Saída de Rodrigo Pessoa ainda rende polêmica no hipismo do Brasil

Cavaleiro rebate as críticas de Álvaro Doda Miranda

Por fabio.klotz

Rio - A saída do cavaleiro Rodrigo Pessoa da equipe brasileira de hipismo, após recusar a decisão do técnico George Morris em ser reserva, ainda continua rendendo muita polêmica no mundo do hipismo. Após o Brasil ficar em quinto lugar na final de salto por equipe, hoje de manhã no Centro Olímpico de Deodoro, o cavaleiro Álvaro Doda Miranda disparou ao ser perguntado se a experiência de Pessoa havia feito falta à equipe. Nos 26 anos em que defendeu a seleção, Pessoa conquistou a medalha de ouro em Atenas, além de duas de bronze, em Atlanta e Sydney, ambas por equipes.

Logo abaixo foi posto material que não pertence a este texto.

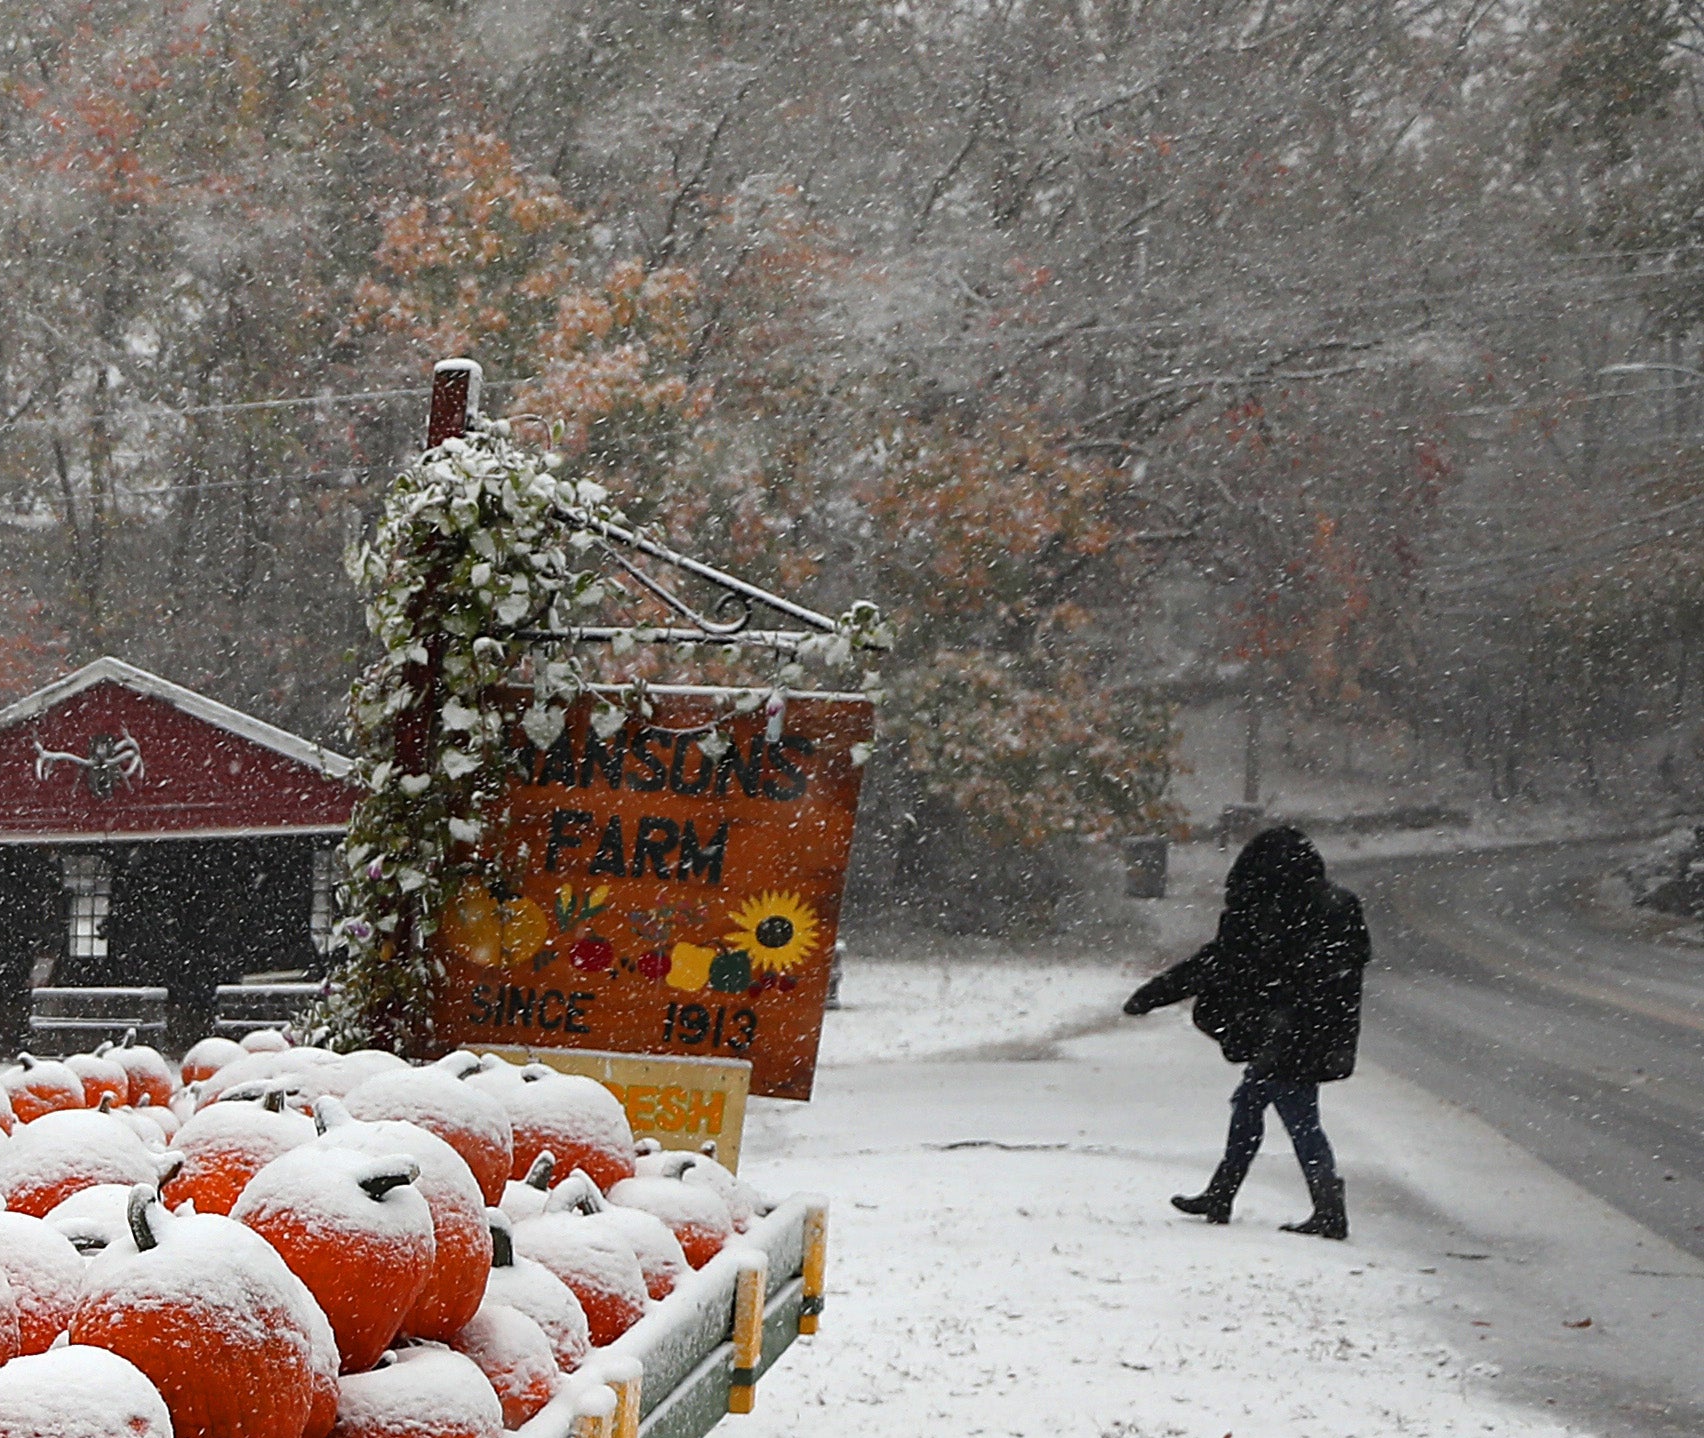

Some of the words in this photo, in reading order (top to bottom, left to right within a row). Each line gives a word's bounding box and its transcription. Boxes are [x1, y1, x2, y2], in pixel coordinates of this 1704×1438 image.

"Eu acho que não. Com o cavalo que ele tinha, nem chegava nessa prova. Ele ( Rodrigo Pessoa) ia fazer várias faltas. Não tinha nenhuma condição. Ia até passar vergonha. Um cara como ele que é um craque, se você não tem um cavalo à altura poderia derrubar de um ao último (obstáculo). Ia ser pior para o nome dele. A grande sorte foi não ter sido convocado", criticou Doda.

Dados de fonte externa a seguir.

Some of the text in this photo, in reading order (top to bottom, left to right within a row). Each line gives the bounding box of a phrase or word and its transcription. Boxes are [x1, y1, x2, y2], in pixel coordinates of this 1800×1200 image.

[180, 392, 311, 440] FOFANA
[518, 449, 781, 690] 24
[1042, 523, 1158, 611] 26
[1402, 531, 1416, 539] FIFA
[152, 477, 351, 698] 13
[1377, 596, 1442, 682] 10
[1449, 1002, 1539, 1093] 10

Ao ser informado sobre o comentário do cavaleiro brasileiro, Rodrigo Pessoa evitou polêmica, mas mandou seu recado.

"Ele ( Doda) está reagindo de cabeça quente hoje. É uma decepção ( o quinto lugar). Eu também estou decepcionado, pois represento o Brasil há 26 anos. Ninguém mais do que eu queria ver o sucesso da equipe. Tem que colocar esse comentário em um contexto diferente. Não vou entrar em polêmica, pois sou além disso aí. Eles lutaram, mas infelizmente as chances estavam diminuídas, pois tínhamos um cavaleiro a menos", analisou Pessoa, que também comentou a desclassificação do cavaleiro Sthepan Barcha, que foi eliminado da final por causar com a espora um leve sangramento em seu cavalo, "Landpeter do Feroleto".

"Não é um problema do Sthepan, foi o risco que o técnico ( George Morris) quis pegar. A aposta que ele fez não pagou. O cavalo tinha boa performance, mas a pressão foi aumentando e o que aconteceu ccm ele é uma regra que estão aplicando ao pé da letra com muito rigor. Eu sei que comigo não teria acontecido, pois monto a minha égua sem espora", disparou Rodrigo que deixou seu futuro em aberto.

"Este último mês foi muito desgastante. Foi um golpe muito duro, acho que fiz muito pela equipe nesses 25 anos e não vou julgar o cavalo agora. Da mesma forma como disseram que eu poderia derrubar todos (obstáculos) eu poderia zerar. Não tem a menor chance de trabalhar com ele ( técnico). Ele entrou como uma lenda e vai sair como uma lêndea. Se ele ficar eu largo fora", metralhou.